ENTRIES SUPPLIED ->
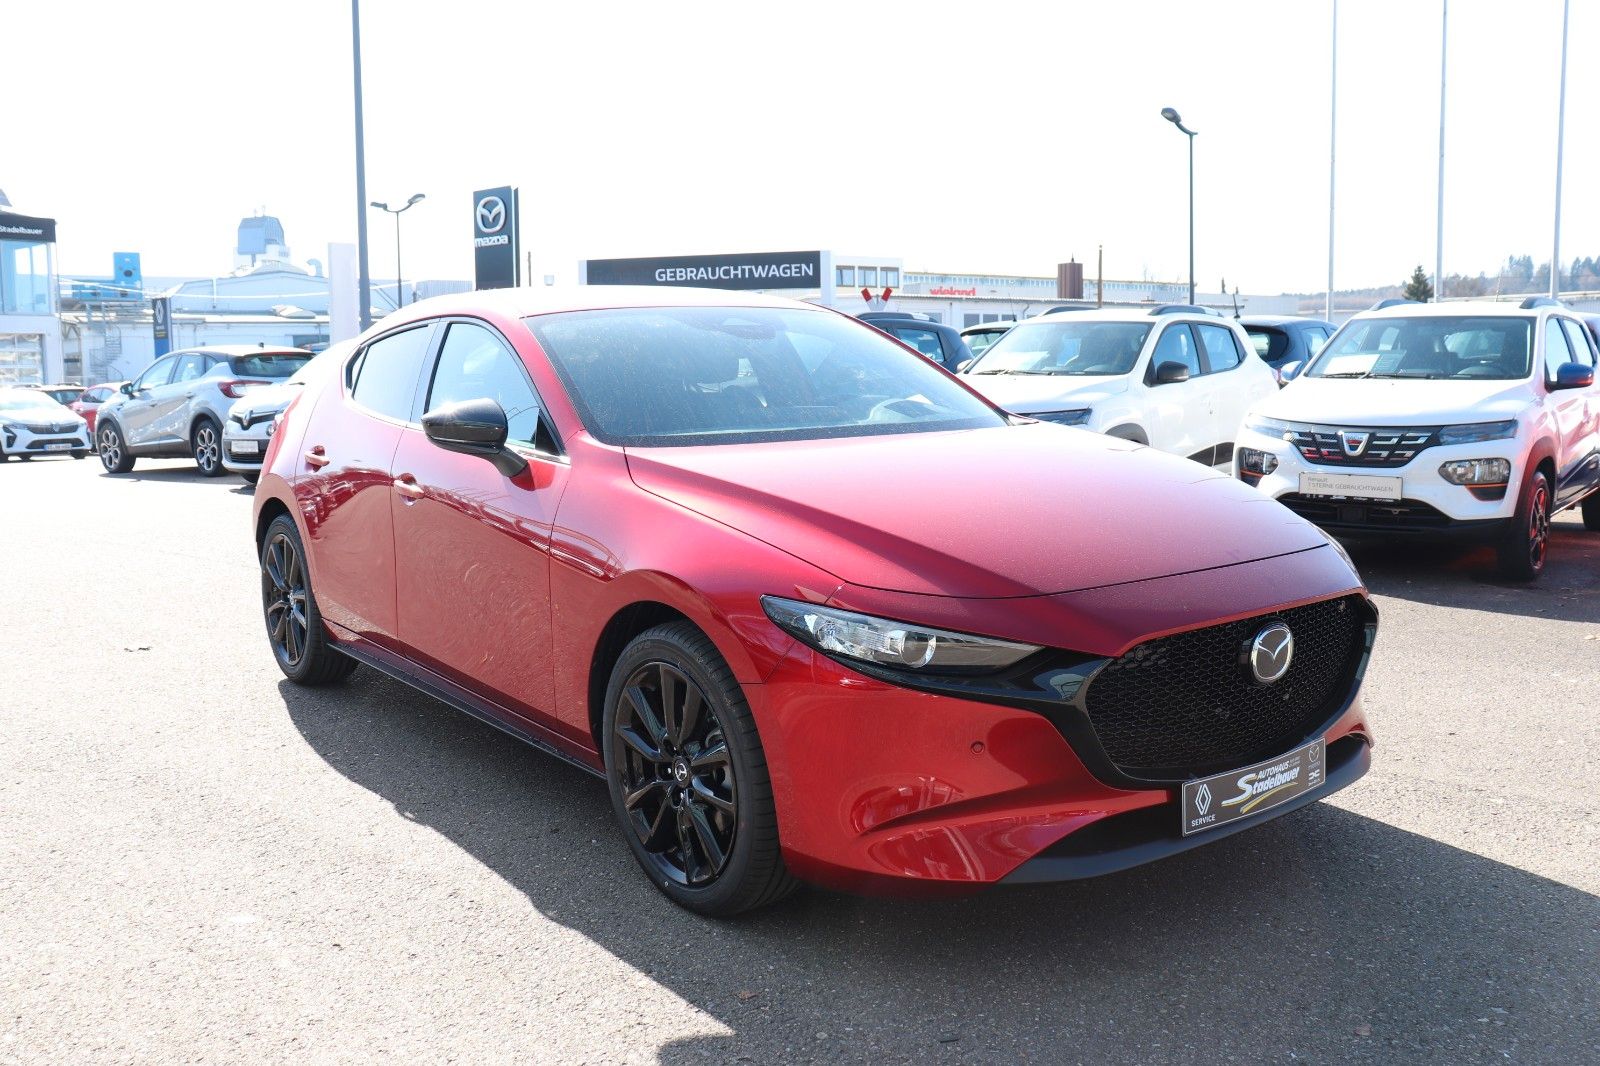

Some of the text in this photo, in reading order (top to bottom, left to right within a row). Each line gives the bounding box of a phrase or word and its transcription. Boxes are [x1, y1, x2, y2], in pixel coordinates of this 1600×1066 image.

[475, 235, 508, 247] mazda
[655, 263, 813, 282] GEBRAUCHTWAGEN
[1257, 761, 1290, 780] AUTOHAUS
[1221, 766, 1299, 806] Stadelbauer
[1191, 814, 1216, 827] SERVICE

REQUIRED ACTION ->
With the images left out, set down every entry exactly.

SOLUTION ->
Some of the text in this photo, in reading order (top to bottom, left to right within a row). Each line gives the bounding box of a phrase or word and its transcription. Boxes are [x1, y1, x2, y2], in pixel coordinates of this 1600×1066 image.

[475, 235, 508, 247] mazda
[655, 263, 813, 282] GEBRAUCHTWAGEN
[1257, 761, 1290, 780] AUTOHAUS
[1221, 766, 1299, 806] Stadelbauer
[1191, 814, 1216, 827] SERVICE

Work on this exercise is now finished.